# In-order Predecessor BST review

I was referred here from StackOverflow, so here is what I posted over there:

So, for an assignment, I have to construct a binary search tree, plus an assortment of related functions. I have them all working, but I'm looking for a way to optimize my way of finding in-order predecessors and successors. Here's my code for finding the predecessor (successor is, of course, nearly identical):

public double findPredecessor(double num) {
if(this.has(num) == true) {
node temp = this.root;
node iterator = this.root;
node returner = null;

while(temp.key != num) { //match the passed "num" to a key
if(num < temp.key) {
temp = temp.left;
} else {
temp = temp.right;
}
}

if(temp.left != null) {
return findMaxInternal(temp.left);
}

while(iterator != null) {
if(temp.key < iterator.key) {
iterator = iterator.left;
}
else if(temp.key > iterator.key) {
returner = iterator;
iterator = iterator.right;
}
else break;
}
return returner.key;
}
else return Double.NaN;
}


Yes, it is part of the assignment that my function take a double as argument, and not a node. I'm looking to see if there is a way that I can do this in one loop, to cut a bit on running time. I know that two successive, non-nested loops still is O(n), but still.

CodeReview is a good place for this question....

There are a few things that you should consider...

## Style

node is a bad name for a Java class. Standards for Java are that Class names are CamelCase, and your node class should be called Node.

Using == to compare double values is often a cause of bugs. In this case I believe it is 'safe', but you should be aware that it is, in general, a 'bad idea'.
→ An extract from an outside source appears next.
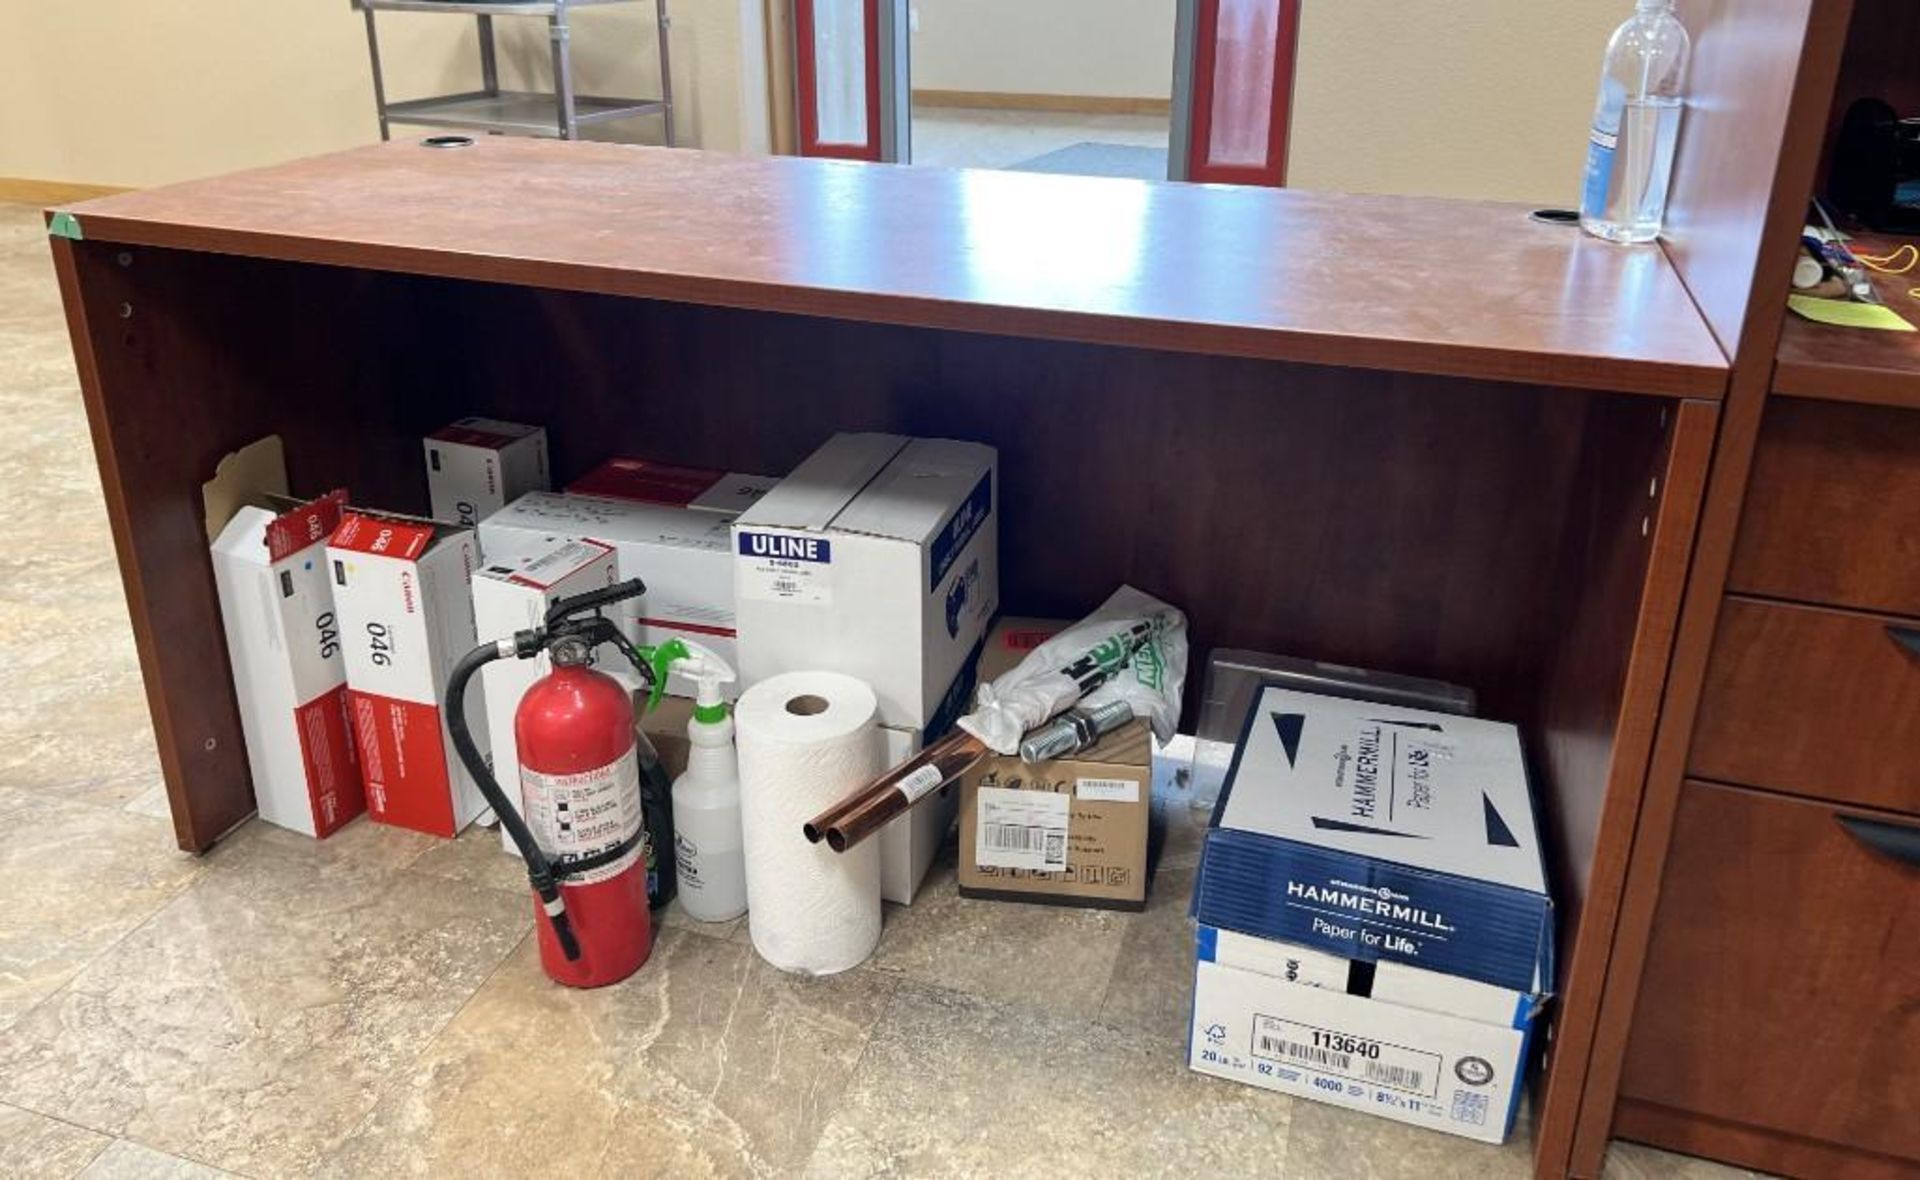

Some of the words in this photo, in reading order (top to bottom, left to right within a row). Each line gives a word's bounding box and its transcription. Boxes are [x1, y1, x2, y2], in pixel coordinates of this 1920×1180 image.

It is typical, though not required, that when you have an if {.....; return ...} block that you do not have an else block. For example, you have:

if (this.hasNum(...)) {
.....
return returner.key;
} else {
return Double.NaN;
}


In this case the else block is not necessary, and it could simply be:

if (this.hasNum(...)) {
.....
return returner.key;
}
return Double.NaN;


Otherwise, the style is good.

## Logic

You actually loop through the tree three times. I presume hasNum(...) also walks the tree.

With problems like this you can reduce the problem to a single walk of the Tree.

node match = null;
node current = root;
node predecessor = null;
// walk the tree until we find our exact match....
// Our predecessor node will follow us whenever we take a right branch....
while (current != null) {
if (current.key == num) {
match = current;
break;
}
if (num < current.key) {
current = current.left;
} else {
predecessor = current;
current = current.right;
}
}
if (match == null) {
return Double.NaN;
}
if (match.left != null) {
predecessor = match.left;
while (predecessor.right != null) {
predecessor = predecessor.right;
}
}
if (predecessor == null) {
return Double.NaN;
}
return predecessor.key;

• In the future, please refrain from posting complete solutions to homework problems. – 200_success Nov 12 '13 at 18:46
• perhaps.... but his solution was accurate.. just sub-optimal – rolfl Nov 12 '13 at 19:27
• Yes, but it's also possible to guide the student towards a better solution without spelling out the entire code. Ending the review with a hint that a single-walk solution is possible would have sufficed. (It is, after all, an assignment, so the student should be able to figure it out.) – 200_success Nov 12 '13 at 19:33

@rolfl wrote a great review. I just have a few minor comments to add.

The original code had a bug: if the num parameter refers to the smallest item in the tree, then a NullPointerException would be thrown. @rolfl fixed that for you without saying so.

Your temp and iterator (or match and current, as @rolfl calls them) are redundant variables. Only one is needed.

If you are doing the hasNum() check, then the way to do it would be to return early.

if (!this.hasNum(num)) {
return Double.NaN;
}
// The rest of the code here
...


That way, you save one level of indentation, and eliminate the suspense of having to wade through a short story before reaching the else finale. Anyway, it's a moot point, since you're better off not calling hasNum() at all.